No one better captured that moment than David O’Reilly, the chair and CEO of Chevron. “Our industry is at a strategic inflection point, a unique place in our history,” he told a gathering of oil executives that February. “The most visible element of this new equation,” he explained in what some observers dubbed his “Brave New World” address, “is that relative to demand, oil is no longer in plentiful supply.” Even though China was sucking up oil, coal, and natural gas supplies at a staggering rate, he had a message for that country and the world: “The era of easy access to energy is over.”

To prosper in such an environment, O’Reilly explained, the oil industry would have to adopt a new strategy. It would have to look beyond the easy-to-reach sources that had powered it in the past and make massive investments in the extraction of what the industry calls “unconventional oil” and what I labeled at the time “tough oil”: resources located far offshore, in the threatening environments of the far north, in politically dangerous places like Iraq, or in unyielding rock formations like shale. “Increasingly,” O’Reilly insisted, “future supplies will have to be found in ultradeep water and other remote areas, development projects that will ultimately require new technology and trillions of dollars of investment in new infrastructure.”

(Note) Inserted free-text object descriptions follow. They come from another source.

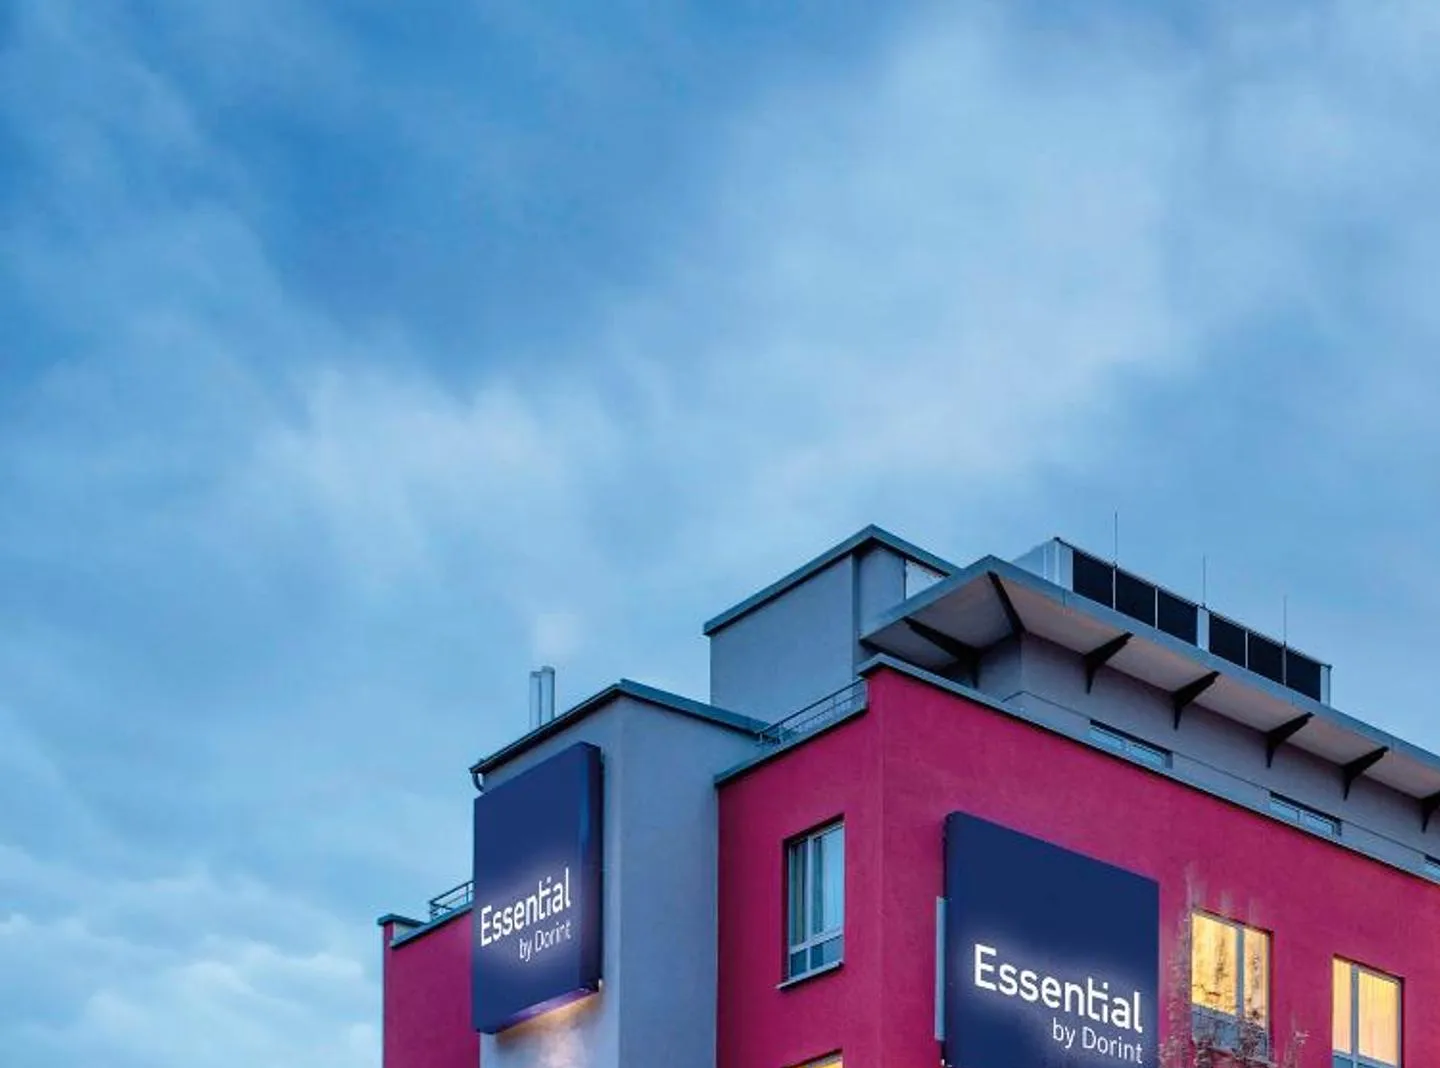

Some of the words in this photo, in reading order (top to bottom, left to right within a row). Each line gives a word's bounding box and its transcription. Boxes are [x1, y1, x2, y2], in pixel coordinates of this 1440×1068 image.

[481, 867, 571, 947] Essential
[519, 938, 532, 962] by
[535, 920, 571, 952] Dorint
[974, 943, 1143, 1033] Essential
[1052, 1017, 1076, 1049] by
[1081, 1026, 1143, 1064] Dorint
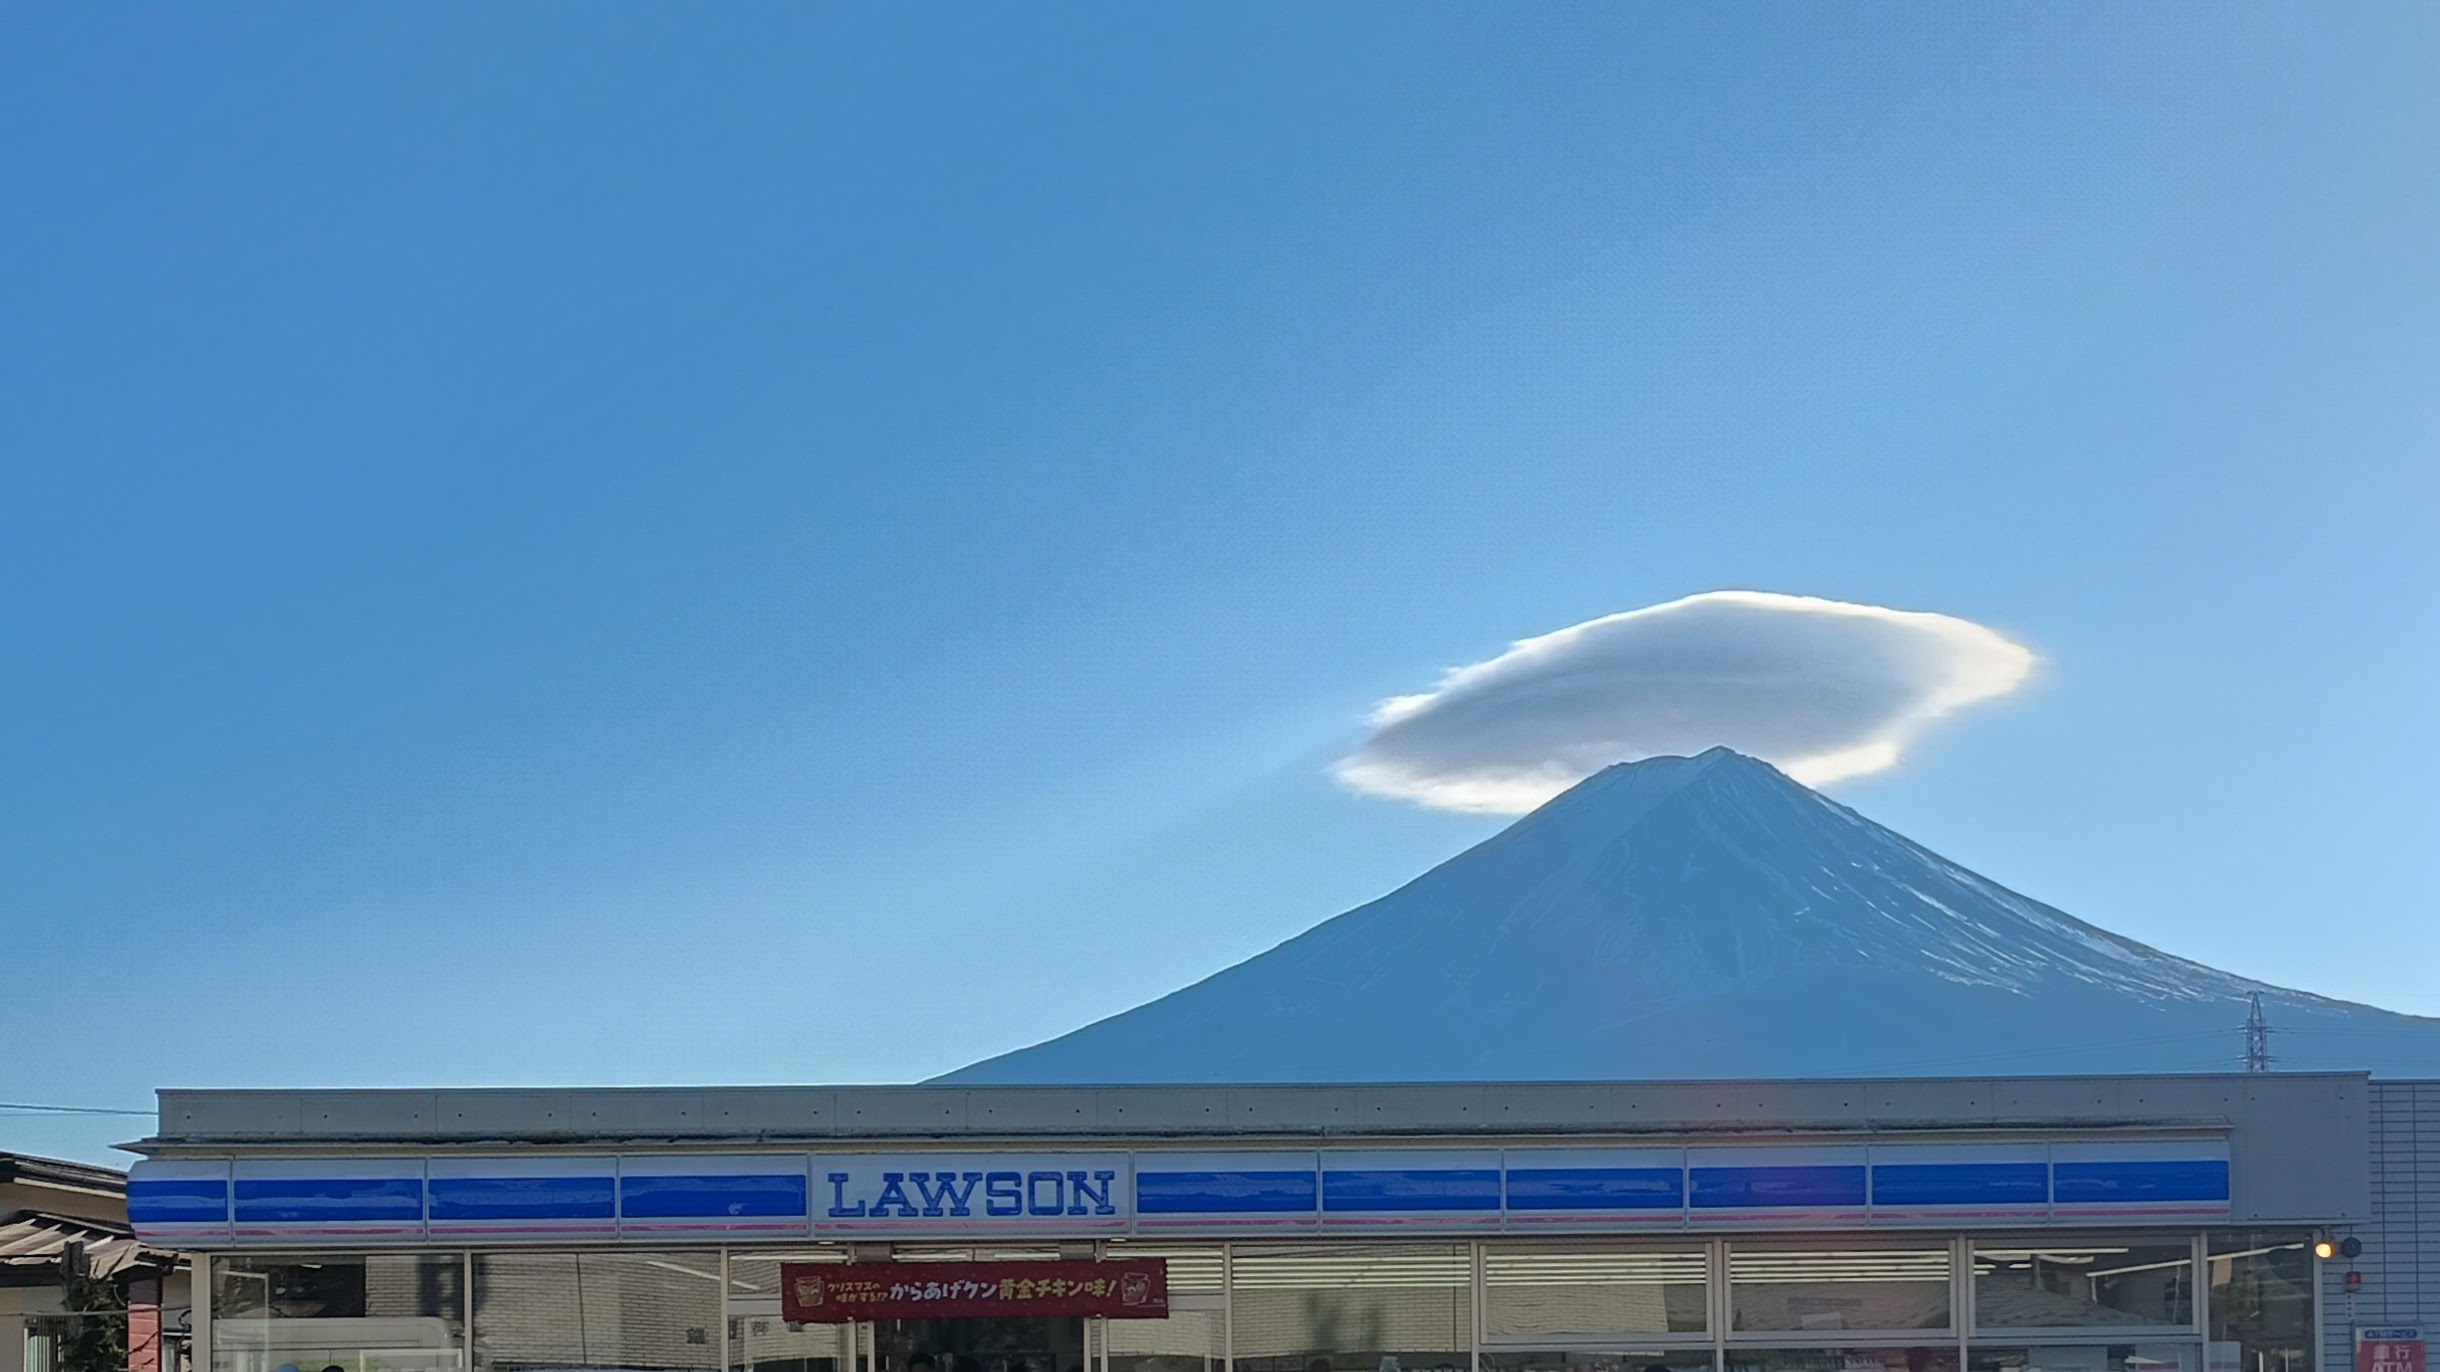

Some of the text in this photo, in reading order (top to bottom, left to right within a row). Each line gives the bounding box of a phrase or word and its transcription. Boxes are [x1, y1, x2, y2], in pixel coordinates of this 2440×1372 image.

For top industry officials like O’Reilly, it seemed evident that Big Oil had no choice in the matter. It would have to invest those needed trillions in tough-oil projects or lose ground to other sources of energy, drying up its stream of profits. True, the cost of extracting unconventional oil would be much greater than from easier-to-reach conventional reserves (not to mention more environmentally hazardous), but that would be the world’s problem, not theirs. “Collectively, we are stepping up to this challenge,” O’Reilly declared. “The industry is making significant investments to build additional capacity for future production.”

On this basis, Chevron, Exxon, Royal Dutch Shell, and other major firms indeed invested enormous amounts of money and resources in a growing unconventional oil and gas race, an extraordinary saga I described in my book The Race for What’s Left. Some, including Chevron and Shell, started drilling in the deep waters of the Gulf of Mexico; others, including Exxon, commenced operations in the Arctic and eastern Siberia. Virtually every one of them began exploiting U.S. shale reserves via hydro-fracking.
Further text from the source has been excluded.